(Instructions for the task):
Write out each entry below exactly; the images do not belong in your copy.
Input material Start Marker
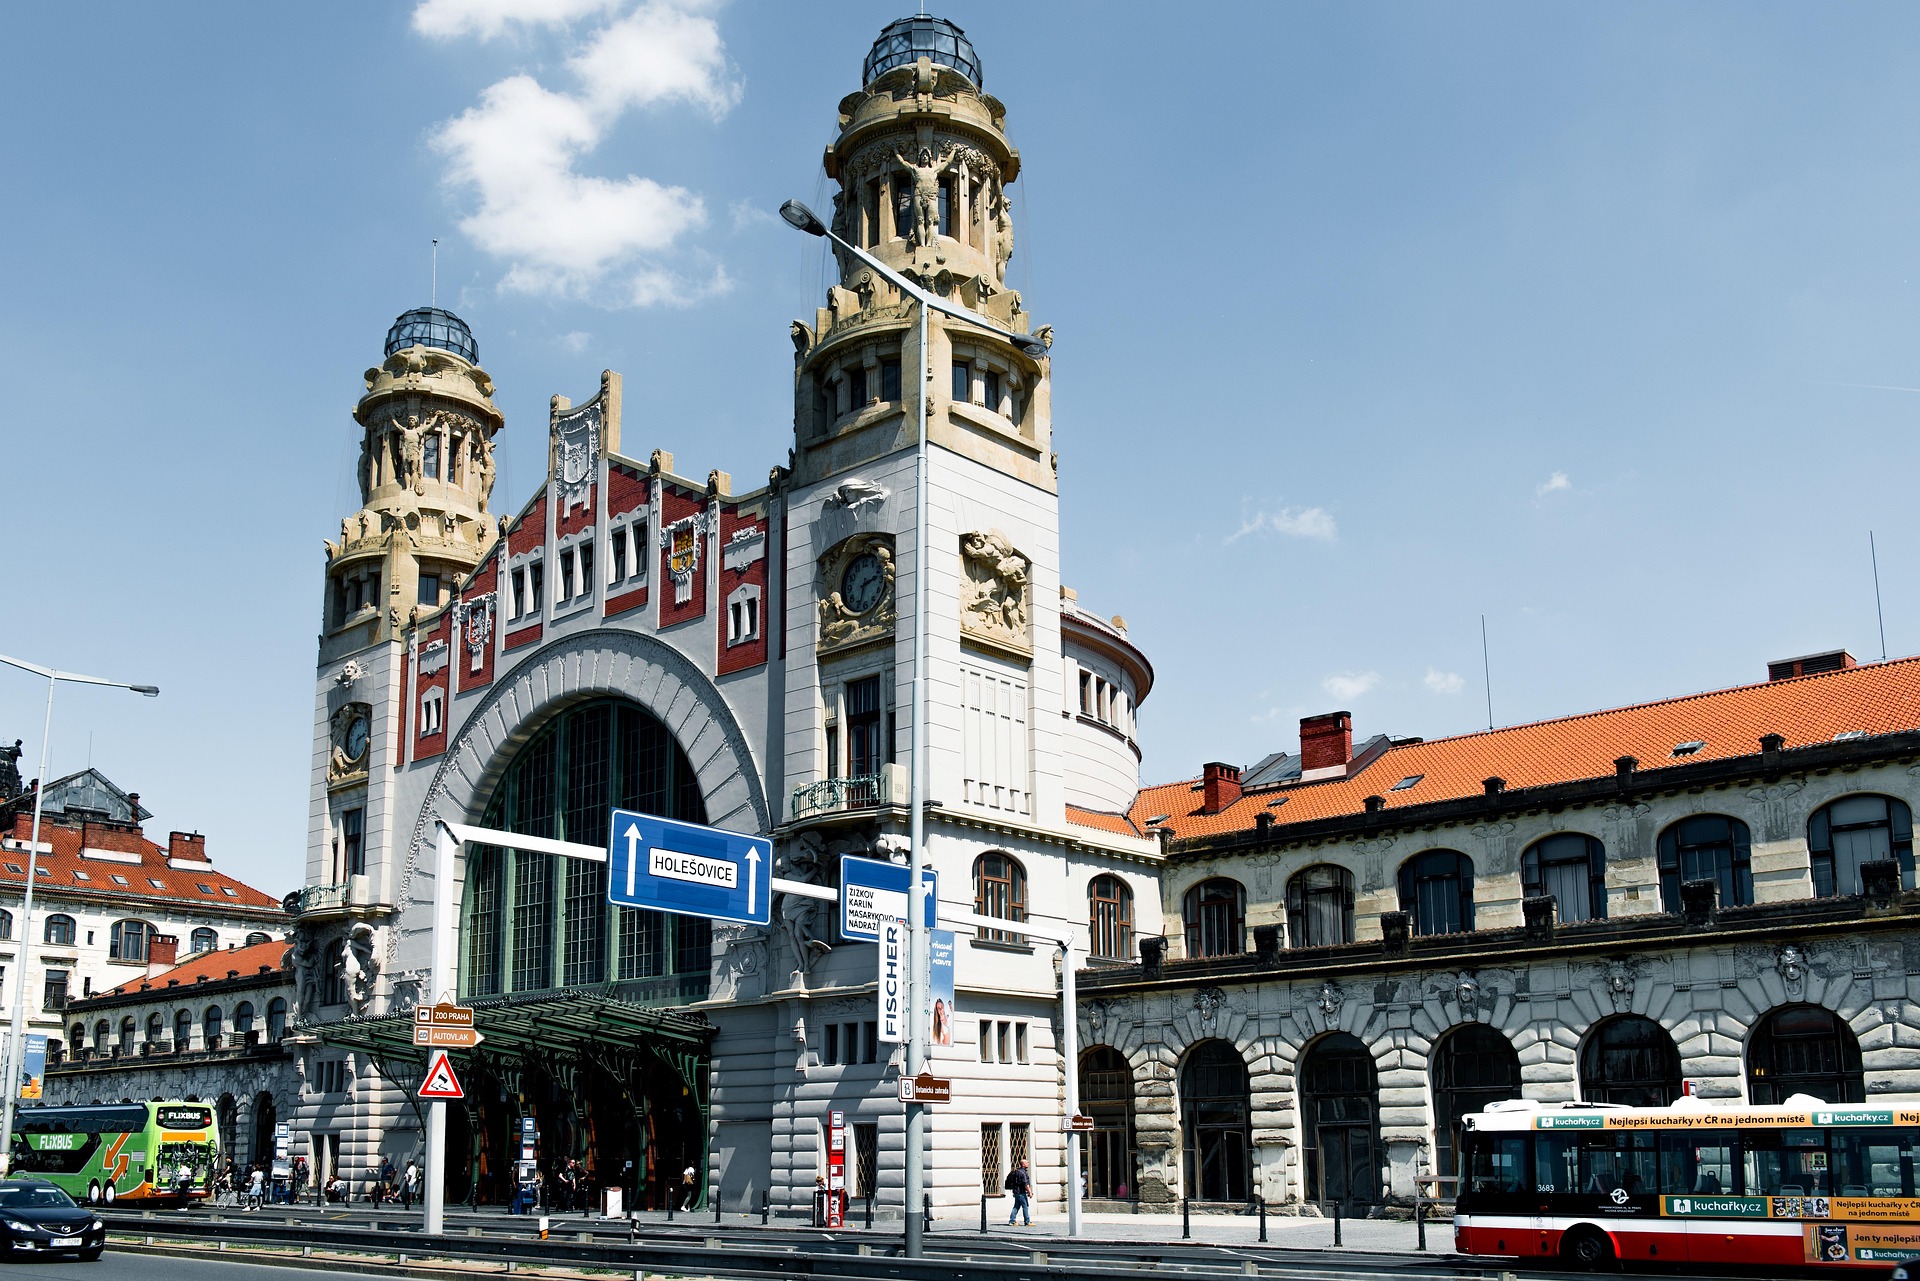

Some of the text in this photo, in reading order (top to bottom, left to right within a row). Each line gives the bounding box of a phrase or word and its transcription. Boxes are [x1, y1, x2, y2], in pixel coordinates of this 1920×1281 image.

[655, 855, 732, 881] HOLEŠOVICE
[849, 886, 875, 899] ŽIŽKOV
[849, 898, 873, 909] KARLÍN
[849, 909, 895, 922] MASARYKOVO
[886, 926, 897, 1036] FISCHER
[435, 1011, 470, 1021] ZOO PRAHA
[433, 1032, 469, 1041] AUTOVLAK
[1555, 1117, 1600, 1126] kuchařky.cz
[1609, 1117, 1647, 1127] Nejlepší
[1650, 1116, 1693, 1127] kuchařky
[1704, 1115, 1718, 1124] ČR
[1735, 1115, 1774, 1126] jednom
[1777, 1115, 1805, 1123] místě
[1834, 1113, 1888, 1122] kuchařky.cz
[1537, 1184, 1555, 1192] 3683
[1694, 1201, 1761, 1213] kuchařky.cz
[1836, 1201, 1867, 1209] Nejlepší
[1868, 1201, 1902, 1209] kuchařky
[1859, 1210, 1888, 1218] jednom
[1872, 1235, 1881, 1244] ty
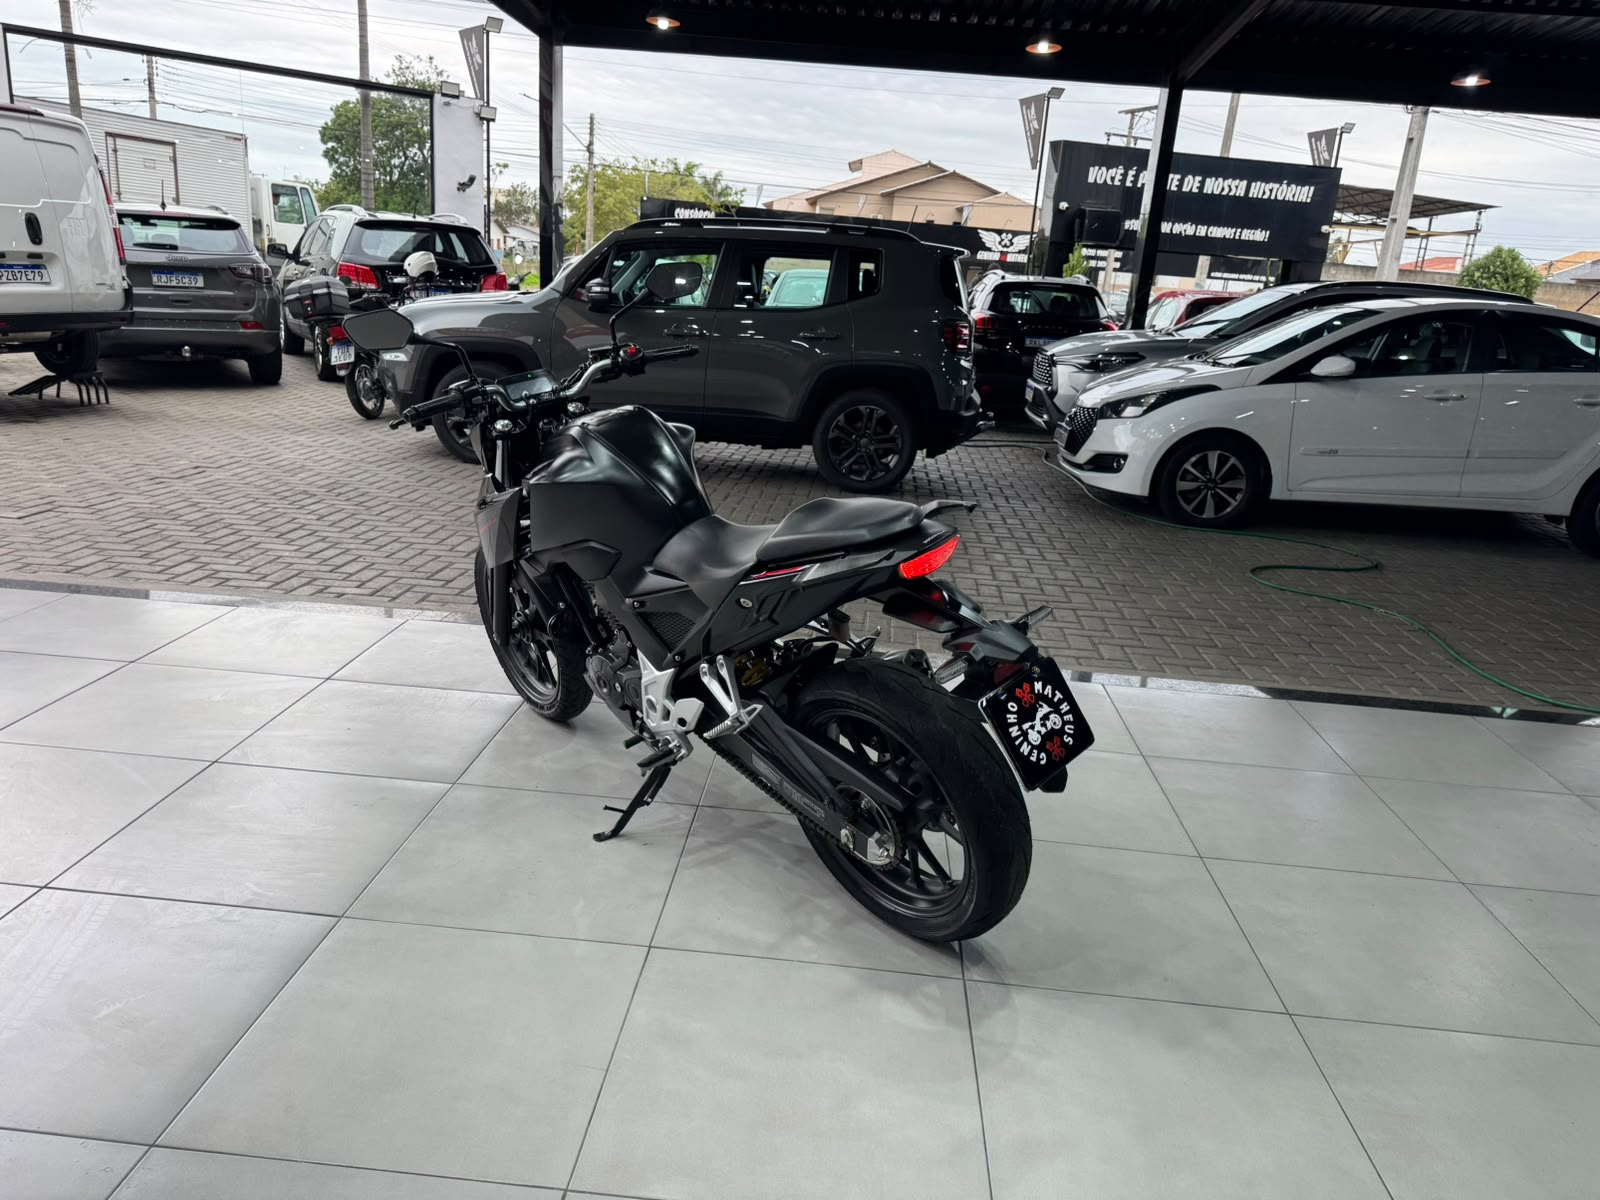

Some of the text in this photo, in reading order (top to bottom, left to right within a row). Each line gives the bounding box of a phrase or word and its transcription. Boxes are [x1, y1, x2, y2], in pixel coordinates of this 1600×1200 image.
Input material End Marker
(Output of the task):
Some of the text in this photo, in reading order (top to bottom, left to right within a row). Each line gives the bounding box of a phrase or word and its transcription. Boxes are [x1, y1, x2, y2], in pixel coordinates of this 1920×1281 image.

[655, 855, 732, 881] HOLEŠOVICE
[849, 886, 875, 899] ŽIŽKOV
[849, 898, 873, 909] KARLÍN
[849, 909, 895, 922] MASARYKOVO
[886, 926, 897, 1036] FISCHER
[435, 1011, 470, 1021] ZOO PRAHA
[433, 1032, 469, 1041] AUTOVLAK
[1555, 1117, 1600, 1126] kuchařky.cz
[1609, 1117, 1647, 1127] Nejlepší
[1650, 1116, 1693, 1127] kuchařky
[1704, 1115, 1718, 1124] ČR
[1735, 1115, 1774, 1126] jednom
[1777, 1115, 1805, 1123] místě
[1834, 1113, 1888, 1122] kuchařky.cz
[1537, 1184, 1555, 1192] 3683
[1694, 1201, 1761, 1213] kuchařky.cz
[1836, 1201, 1867, 1209] Nejlepší
[1868, 1201, 1902, 1209] kuchařky
[1859, 1210, 1888, 1218] jednom
[1872, 1235, 1881, 1244] ty

Some of the text in this photo, in reading order (top to bottom, left to right within a row). Each line gives the bounding box of a phrase or word and its transcription. Boxes are [x1, y1, x2, y2], in pixel coordinates of this 1600×1200 image.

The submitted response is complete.